SUPREME COURT VERDICTS: PUTTASWAMY I (2017) AND PUTTASWAMY II (2018)

The legal course Aadhaar takes bears substantial influence from the Supreme Court's two momentous decisions in Justice K.S. Puttaswamy (Retd.) v. Union of India. In the 2017 judgment (Puttaswamy I), a nine-judge bench of the Supreme Court unanimously determined that the right to privacy is a constitutional right protected by Article 21 of the Constitution. The Court emphasized that any intrusion into privacy must satisfy a three-part test: legality, necessity, and proportionality. 

In Puttaswamy II (2018), the Court heard in detail the constitutional validity of the Aadhaar Act itself. The Court upheld the use of Aadhaar for the limited purpose of accessing welfare schemes in Section 7 of the Act, while declaring that the law requiring Aadhaar to acquire a mobile phone connection or a bank account, and for children to access school admission, was unconstitutional on some terms. The Court reiterated that Aadhaar must not become an instrument of total surveillance, or a means of forcing everyone to access services. The Court also ordered private parties to delete all data validly obtained under Aadhaar, and additionally directed UIDAI to retain bodies for only six months.

Overall, these two decisions provided a great degree of constitutional protections for Aadhaar, but some gaps for enforcement remained: the Court intended to restrict/manipulate Aadhaar in an acceptable manner to access services, while various dining’s and practices with the clients pressed a linkage to Aadhaar Directly, sometimes coercing the consumers indirectly through notions.

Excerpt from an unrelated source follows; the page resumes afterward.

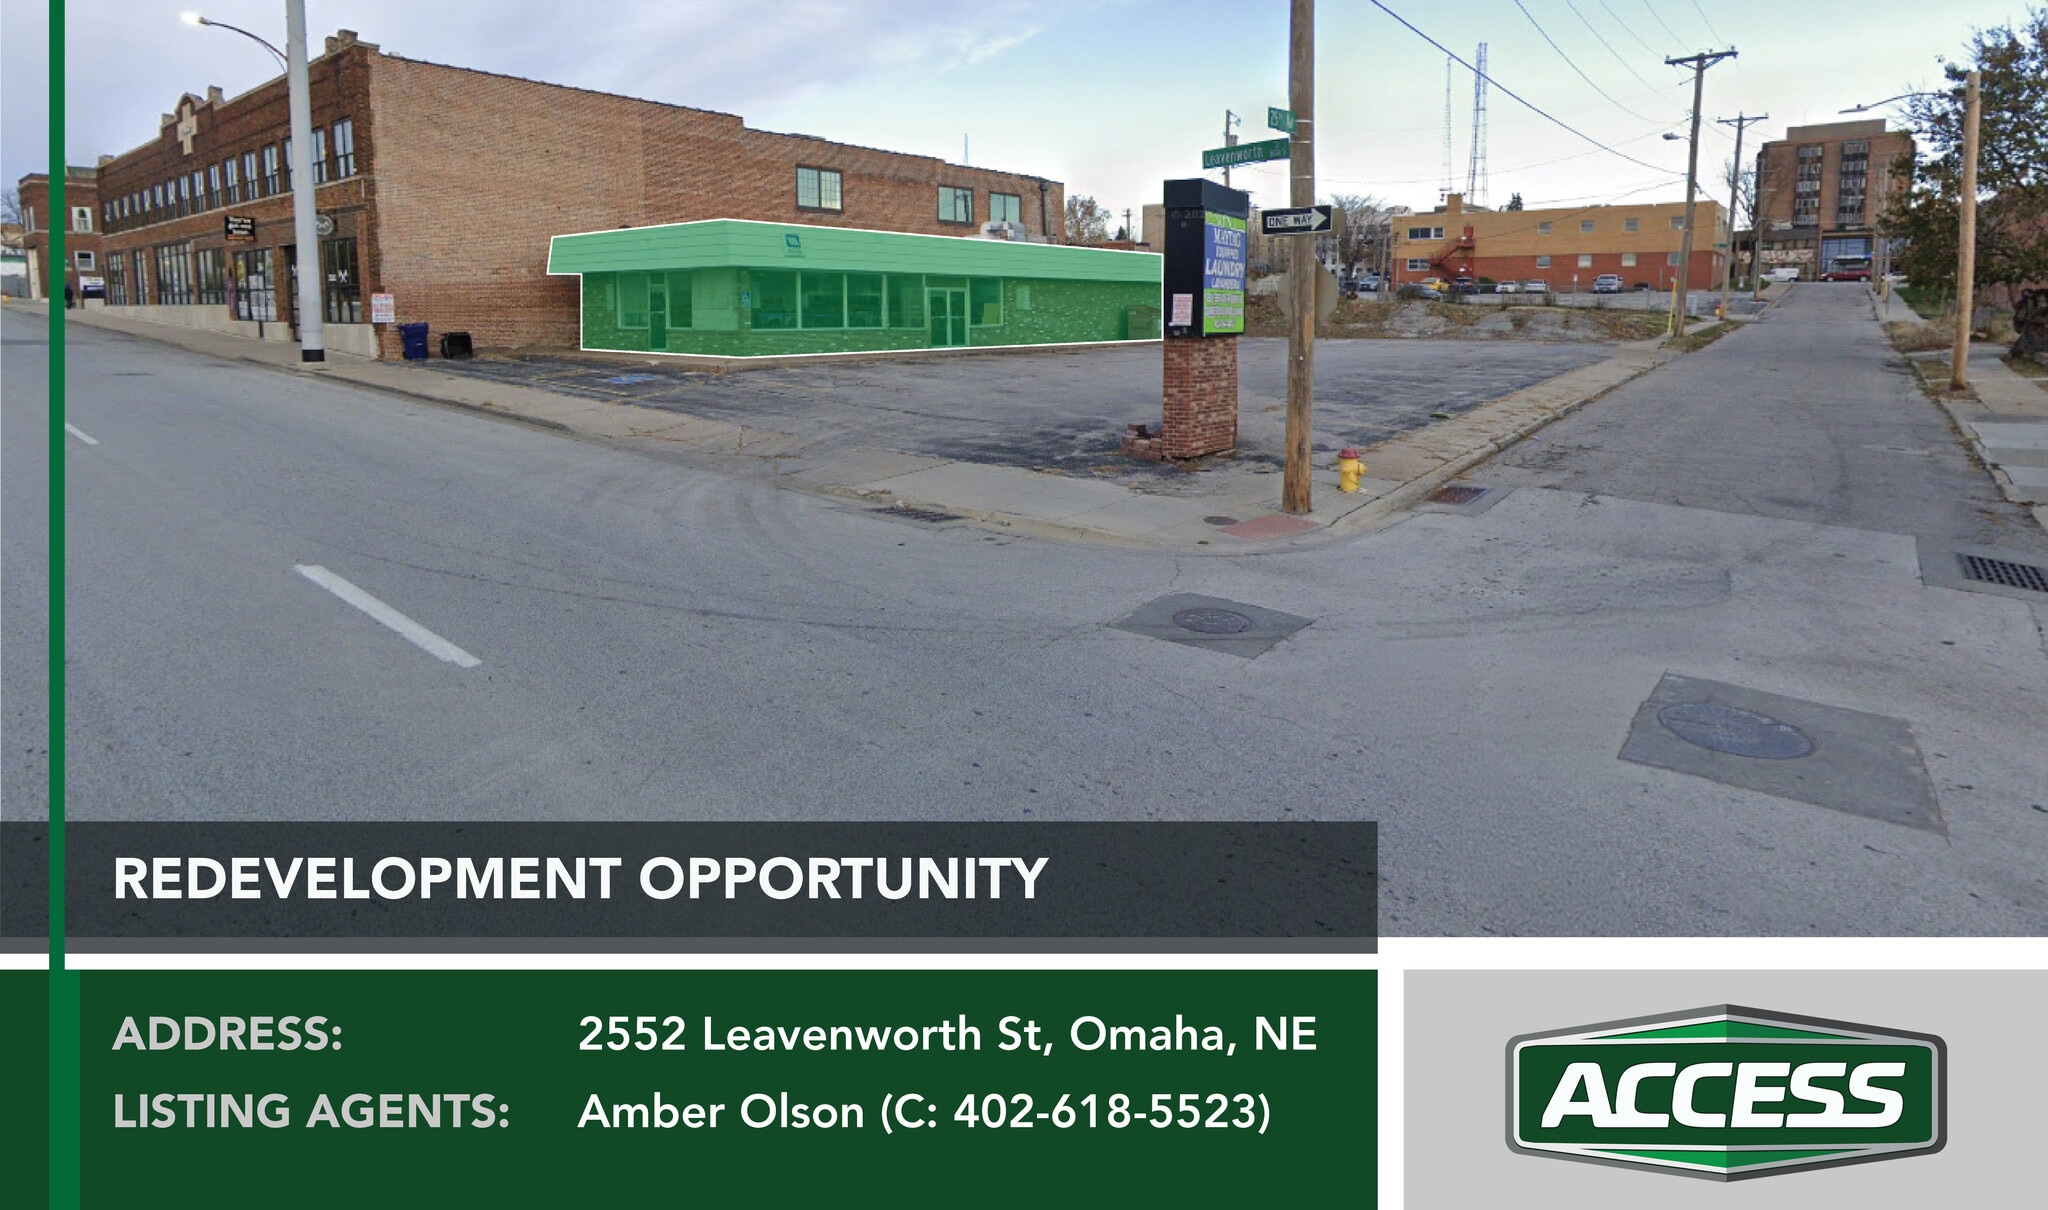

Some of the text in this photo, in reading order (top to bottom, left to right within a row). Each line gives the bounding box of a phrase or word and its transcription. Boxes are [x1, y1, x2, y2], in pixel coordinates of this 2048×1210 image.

[1205, 145, 1263, 166] Leavenworth
[1267, 214, 1312, 227] ONE WAY
[1205, 258, 1245, 278] LAUNDRY

JUDICIAL AND REGULATORY DEVELOPMENTS POST 2018

Following the Puttaswamy case, judicial and administrative authorities have continued to shape the operability of Aadhaar. In R.K. Garg v. Union of India (2019), for example, the Delhi High Court found that the requirement of a unique Aadhaar as part of the appointment process at AIIMS was unconstitutional under Articles 14 and 21, reinforcing the understanding that Aadhaar cannot be admissibly coerced as a prerequisite or default. The UIDAI has also amended regulations in light of that finding, including the Aadhaar (Authentication and Offline Verification) Regulations, 2021 and continually updated the enrolment and update process. 

Notably, the Aadhaar (Enrolment and Update) Regulations were updated in June 2025 to promote offline modes of verification with a significant simplification of re-verification provisions. Nevertheless, activists see the disadvantages of no independent data audits and biometric data being stored in a centralized data repository. 

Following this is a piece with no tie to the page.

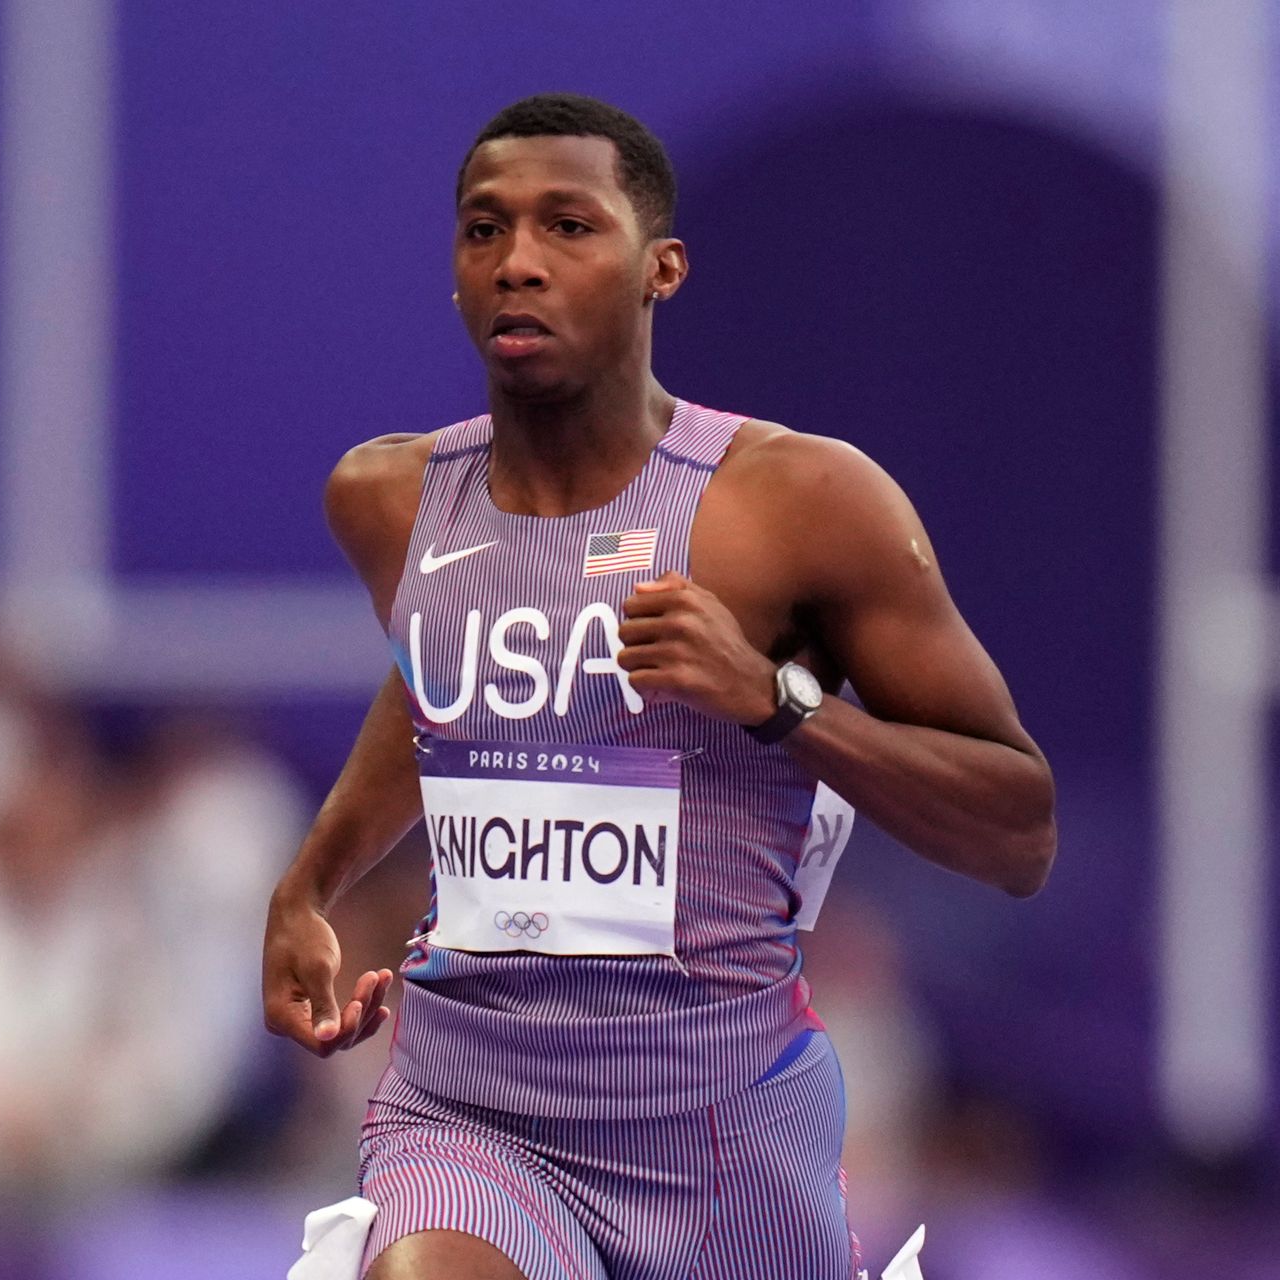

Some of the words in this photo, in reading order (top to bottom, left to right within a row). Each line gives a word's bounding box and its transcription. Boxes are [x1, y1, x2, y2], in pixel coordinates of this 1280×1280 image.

In sum, while the Aadhaar project provides a legal itinerary, the actual use of Aadhaar remains plagued by enduring concerns regarding national interest versus proportionality, informed consent and data security. The evolving legal framework, especially apropos the provisions of the DPDP Act, provides a unique opportunity to place the Aadhaar system back into constitutional and human rights compliant existence.

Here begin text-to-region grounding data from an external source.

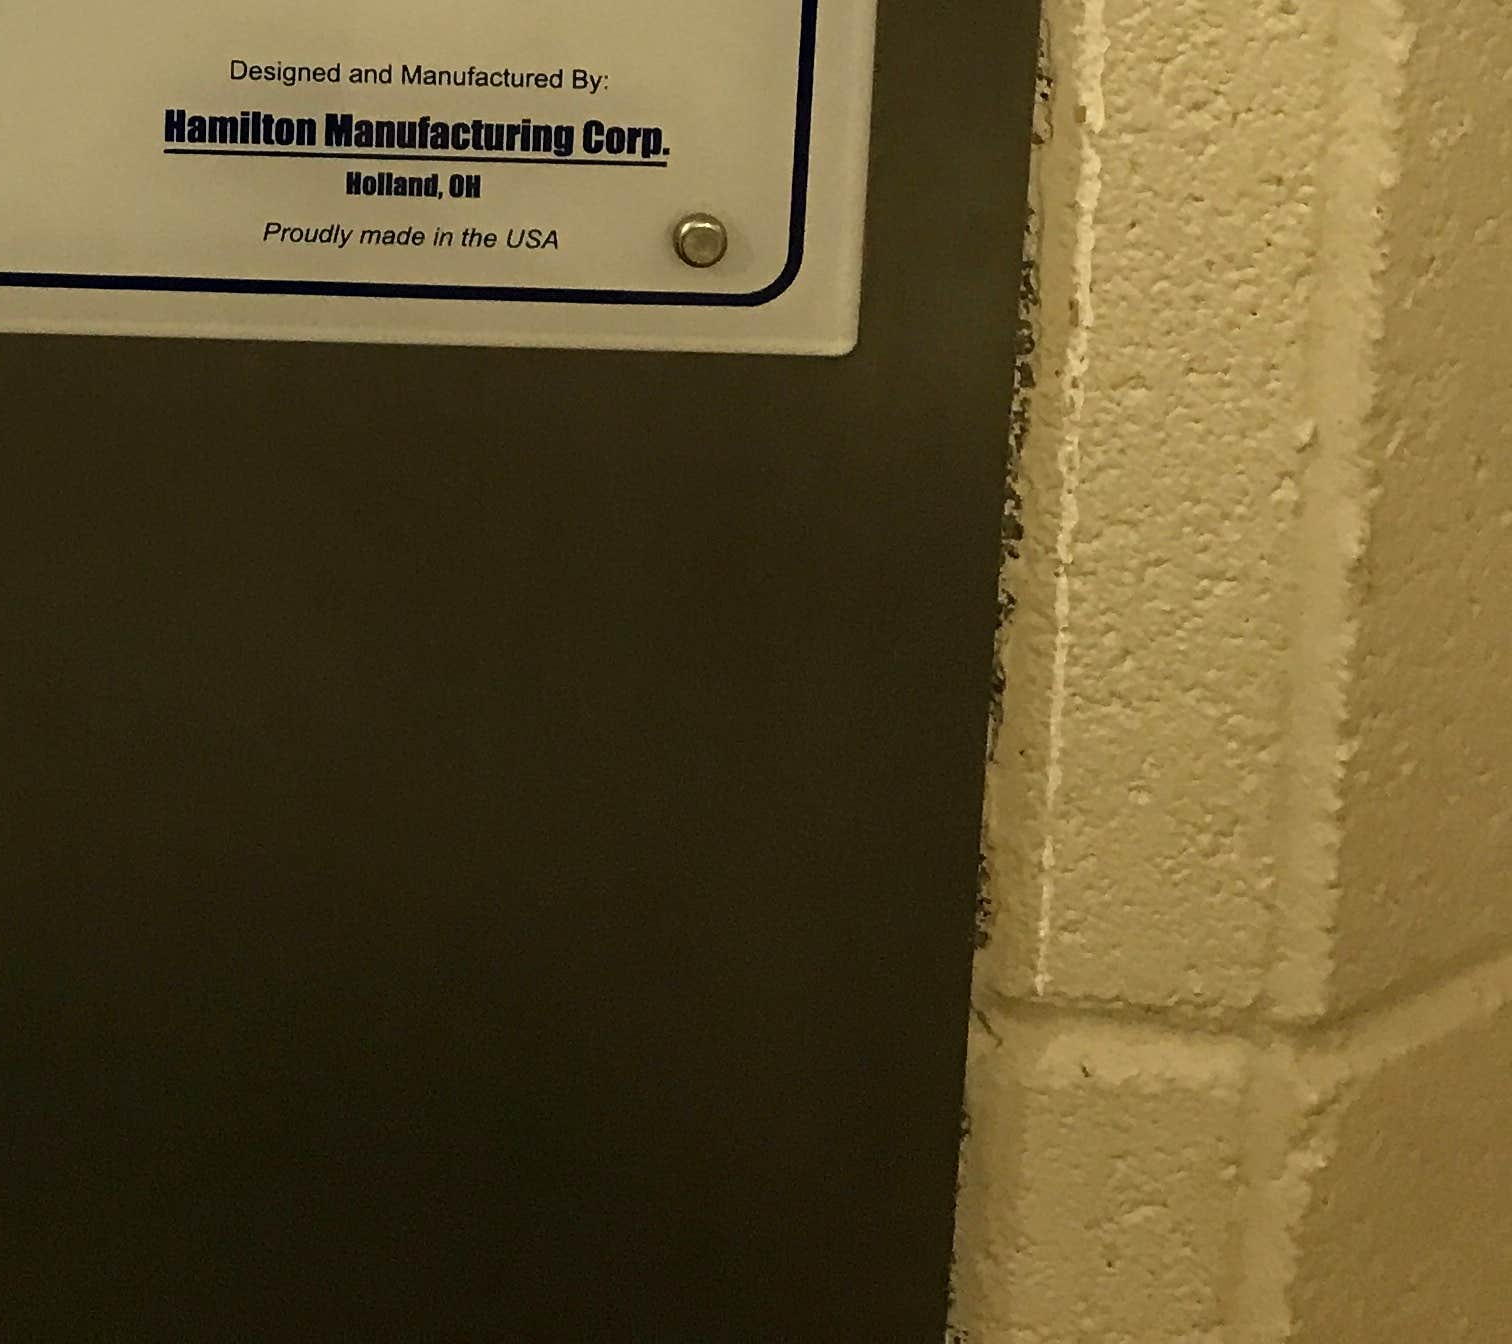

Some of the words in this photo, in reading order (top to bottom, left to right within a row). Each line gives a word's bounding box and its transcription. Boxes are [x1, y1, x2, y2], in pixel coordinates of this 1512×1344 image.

[230, 59, 341, 87] Designed
[348, 63, 393, 85] and
[401, 64, 564, 89] Manufactured
[572, 68, 610, 95] By:
[164, 108, 317, 147] Hamilton
[324, 112, 575, 156] Manufacturing
[582, 119, 671, 158] Corp.
[345, 171, 444, 200] Holland,
[448, 173, 481, 199] OH
[262, 221, 354, 249] Proudly
[359, 225, 426, 247] made
[432, 226, 454, 247] in
[461, 227, 498, 249] the
[506, 228, 559, 250] USA

RISKS OF BIOMETRIC STORAGE

Biometrics, including fingerprints, iris scans, and facial recognition patterns, are all permanent and immutable forms of identification. Unlike passwords, once someone has breached biometric identifiers for an individual, we can only assume that the identifiers are permanently compromised in the same way that we could never change the use of someone else's face as an identifier. Because of the permanence of the identifiers, how they are stored and used is especially sensitive. For all intents and purposes, Aadhaar's purpose-built architecture is one of centralisation, and the UIDAI's central database contains the biometric templates of more than a billion residents. The risks are compounded because UIDAI relies on a dated security protocol AES-128 key encryption, which despite being relatively secure and so long as the UIDAI doesn't reverse its course, no longer provides the same security guarantees as some of the profiled options and at some point may be considered too vulnerable for use cases with such risk. The fact that there continues to be a single point of failure means that we have a "honeypot" ripe for downstream reliance from a cybersecurity perspective. A breach of UIDAI's servers will not compromise fewer than millions of identities at a time.

CONSENT ISSUES

Informed consent is a cornerstone of data protection. However, multiple field studies have revealed that Aadhaar enrollment often occurred without proper explanation of the nature, scope, and future use of the data being collected. Many individuals do not understand the implications of sharing their biometric data. Many were told that Aadhaar was mandatory for accessing subsidies or bank accounts, often without being informed of alternative verification options.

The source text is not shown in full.